Your browser does not support SVG!

blog

Yaşayan Kişilerden Organ ve Doku Naklinin Hukuksal Boyutu

YAŞAYAN KİŞİLERDEN ORGAN VE DOKU NAKLİ

A.Genel Olarak              

Yaşayan kişilerden yapılacak organ nakline ilişkin düzenlemeler, 2238 sayılı Organ ve Doku Alınması, Saklanması ve Nakli Hakkında Kanun’un 5. ve devamı maddeleriyle, Avrupa Biyotıp Sözleşmesi’nin 19. ve devamı maddelerinde yapılmıştır.

Avrupa Biyotıp Sözleşmesi’nin 19. maddesinde, canlı vericilerden organ ve doku alınması için ancak beyin ölümü gerçekleşmiş vericilerden bu organın temin edilememesi ve karşılaştırılabilir etkinlikte bir tedavi yönteminin bulunmaması koşulları aranır. Bu durumda organın öncelikle beyin ölümü gerçekleşmiş olan vericilerden alınması gerekir. Ayrıca organ naklinin zorunlu bulunması, mutat tedavi yöntemleriyle alıcının sağlık sorununun giderilememesi koşulu da aranır. 13/04/2013 tarih ve 28617 sayılı Resmî Gazete’de yayımlanarak yürürlüğe giren İlaç ve Biyolojik Ürünlerin Klinik Araştırmaları Hakkında Yönetmelik ve Hasta Hakları Yönetmeliği’nin 32. ve devamı maddelerinde düzenlenen tıbbî araştırmalar kapsamında yapılan araştırmalarla bulunan ve henüz etkinliği bilimsel olarak ortaya konulmamış tedavi yöntemleri ile 27/20/2014 tarih ve 29158 sayılı Resmî Gazete’de yayımlanarak yürürlüğe giren Geleneksel ve Tamamlayıcı Tıp Uygulamaları Yönetmeliği kapsamındaki tedavi yöntemlerinin bu kapsamda görülmemesi gerekir. Zira bu tedavi yöntemleri, bilimsel olarak geçerliliği ispatlanmamış veya araştırma sürecinde bulunan, Hasta Hakları Yönetmeliği’nin 15. maddesinin ilk fıkrasına göre hekimin bilgilendirmekle yükümlü bulunduğu alternatif tedavi yöntemleridir.

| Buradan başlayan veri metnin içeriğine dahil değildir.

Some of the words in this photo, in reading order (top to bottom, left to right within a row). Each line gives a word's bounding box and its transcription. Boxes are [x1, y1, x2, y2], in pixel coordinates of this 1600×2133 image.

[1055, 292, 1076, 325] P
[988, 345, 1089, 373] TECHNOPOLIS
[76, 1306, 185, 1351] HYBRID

B.TEMEL İLKELER VE YASAKLAR

Avrupa Biyotıp Sözleşmesi’nin 21. ve 2238 sayılı Kanun’un 3. maddesine göre insan vücudu ve parçaları herhangi bir şekilde çıkar amacıyla kullanılamaz. Yine Kanun’un 4. maddesinde belirtildiği üzere bilimsel, istatistikî haber yayımı hariç olmak üzere, hiçbir suretle organ ve doku nakline ilişkin reklam yapılamaz. Bu hüküm isabetlidir. Ülkemizin ekonomik durumu göz önünde tutulduğunda, insanların maddî çıkar için organlarını ve dokularını satışa çıkarmalarının önüne geçmek amaçlanmıştır. Keza 6098 sayılı Türk Borçlar Kanunu’nun 26 ve 27. maddelerine göre hukuka ve ahlaka aykırı olarak kurulan sözleşmelerin kesin olarak hükümsüz olduğunu da hatırlatalım.

5237 sayılı Türk Ceza Kanunu’nun 91. maddesinde organ ve doku ticareti yapmak suç olarak tanımlanmıştır.

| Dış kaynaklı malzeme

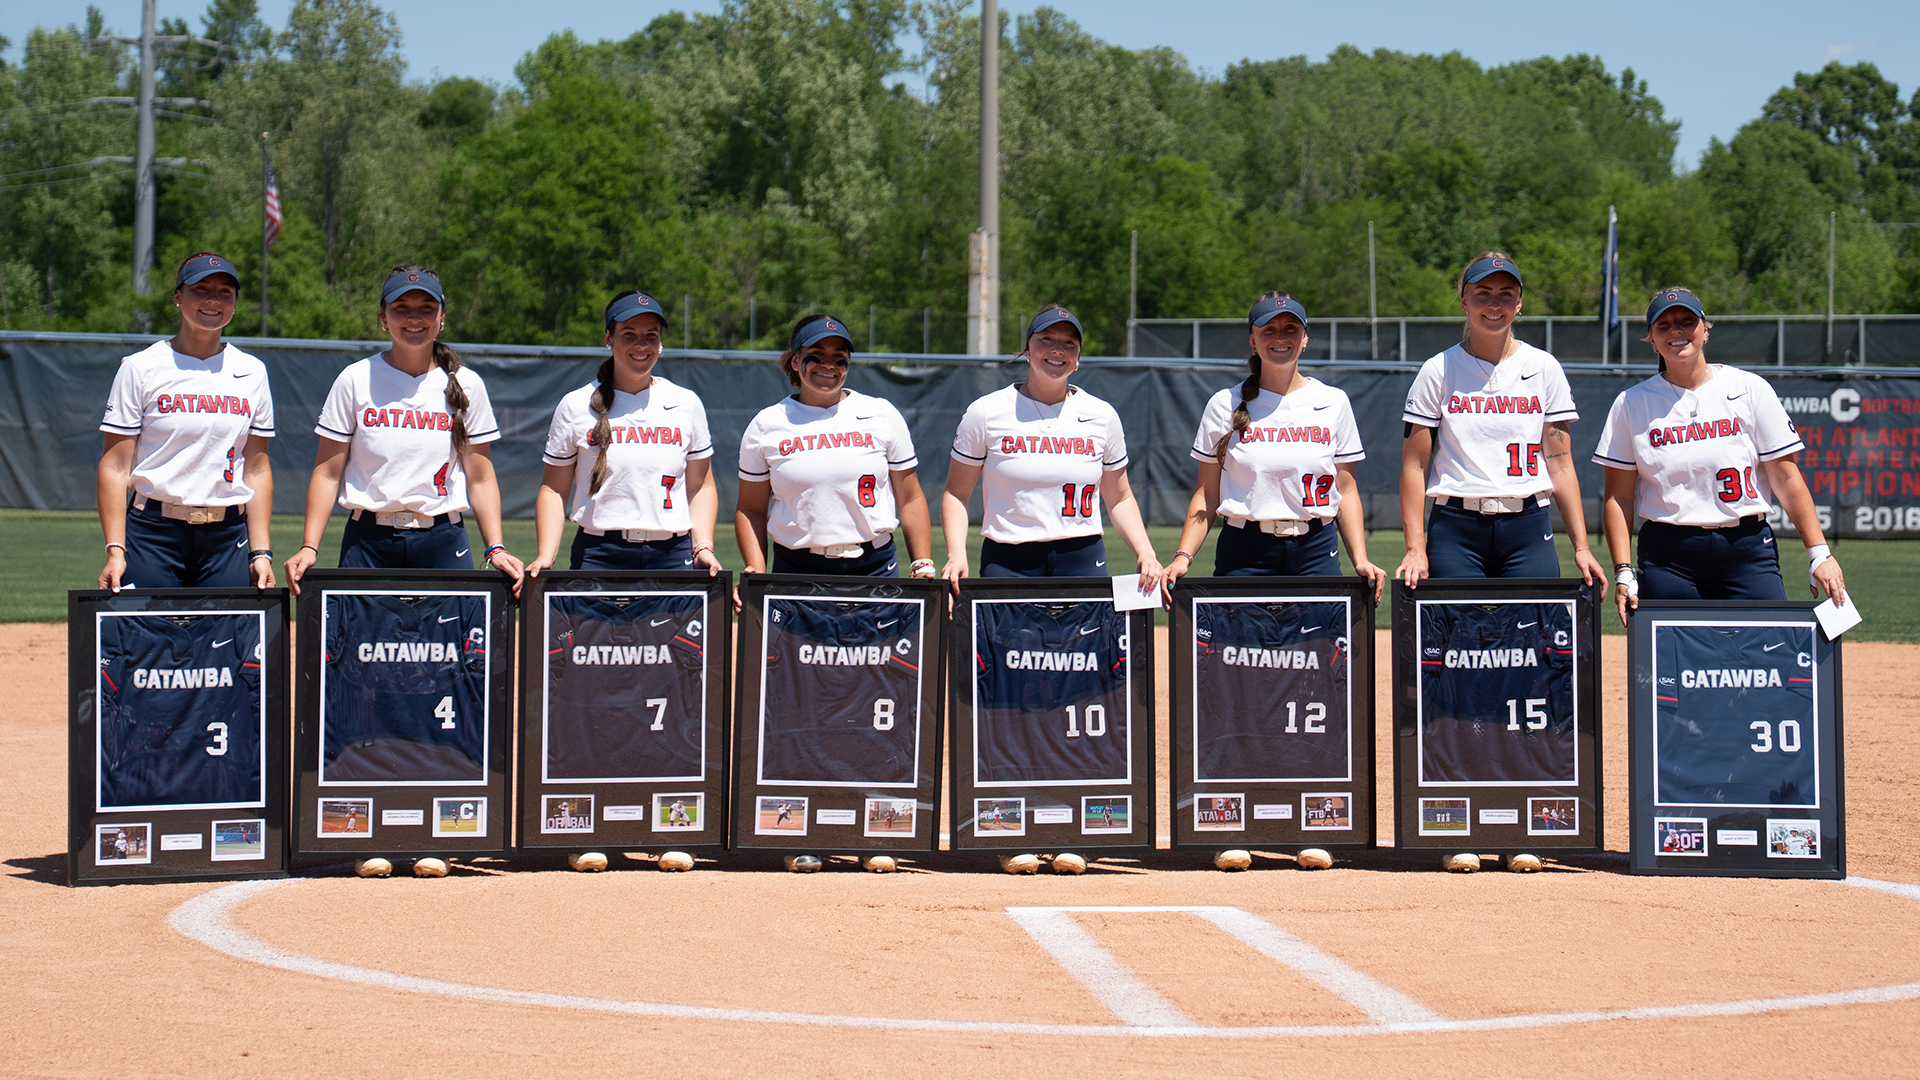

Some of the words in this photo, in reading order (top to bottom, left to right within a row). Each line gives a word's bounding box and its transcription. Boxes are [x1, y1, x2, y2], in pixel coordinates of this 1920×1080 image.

[157, 394, 251, 418] CATAWBA
[1448, 396, 1542, 413] CATAWBA
[1778, 396, 1830, 413] AWBA
[1830, 388, 1861, 422] C
[779, 431, 875, 456] CATAWBA
[1240, 426, 1331, 446] CATAWBA
[1650, 418, 1742, 447] CATAWBA
[1831, 427, 1920, 447] ATLANT
[1002, 436, 1096, 457] CATAWBA
[1507, 443, 1540, 476] 15
[661, 475, 676, 509] 7
[858, 474, 876, 508] 8
[1302, 473, 1334, 507] 12
[1716, 466, 1758, 503] 30
[1062, 483, 1095, 517] 10
[1766, 505, 1831, 531] 25
[1855, 506, 1920, 532] 2016
[469, 627, 484, 644] C
[686, 620, 702, 637] C
[1554, 630, 1568, 646] C
[358, 642, 458, 662] CATAWBA
[572, 644, 672, 665] CATAWBA
[799, 644, 891, 666] CATAWBA
[895, 638, 912, 655] C
[1223, 646, 1319, 670] CATAWBA
[1445, 648, 1538, 669] CATAWBA
[1005, 650, 1098, 671] CATAWBA
[1797, 652, 1811, 667] C
[133, 667, 233, 690] CATAWBA
[1681, 668, 1783, 688] CATAWBA
[434, 696, 455, 729] 4
[646, 698, 667, 731] 7
[873, 698, 895, 731] 8
[1065, 704, 1106, 737] 10
[1285, 701, 1326, 733] 12
[1506, 698, 1548, 731] 15
[206, 722, 228, 756] 3
[1750, 719, 1801, 753] 30
[460, 803, 474, 820] C
[1309, 809, 1339, 819] FTBL
[1675, 833, 1704, 849] OF

Bu hükümle, insan onurunun ve vücut bütünlüğünün korunması amaçlanmıştır. Aynı zamanda organ naklinin kişinin özgür iradesiyle vermiş olduğu muvafakate dayalı olması gerektiği düşüncesi hakimdir. Ancak kan gibi kendisini yenileyebilen biyolojik maddelerin satışına cevaz verilmesi gerektiği, bir kimsenin kendi organları üzerinde tam tasarruf yetkisine sahip olması bu nedenle ücret karşılığı da organ ve doku nakline cevaz verilmesi gerektiği gibi düşünceler de ortaya atılmıştır.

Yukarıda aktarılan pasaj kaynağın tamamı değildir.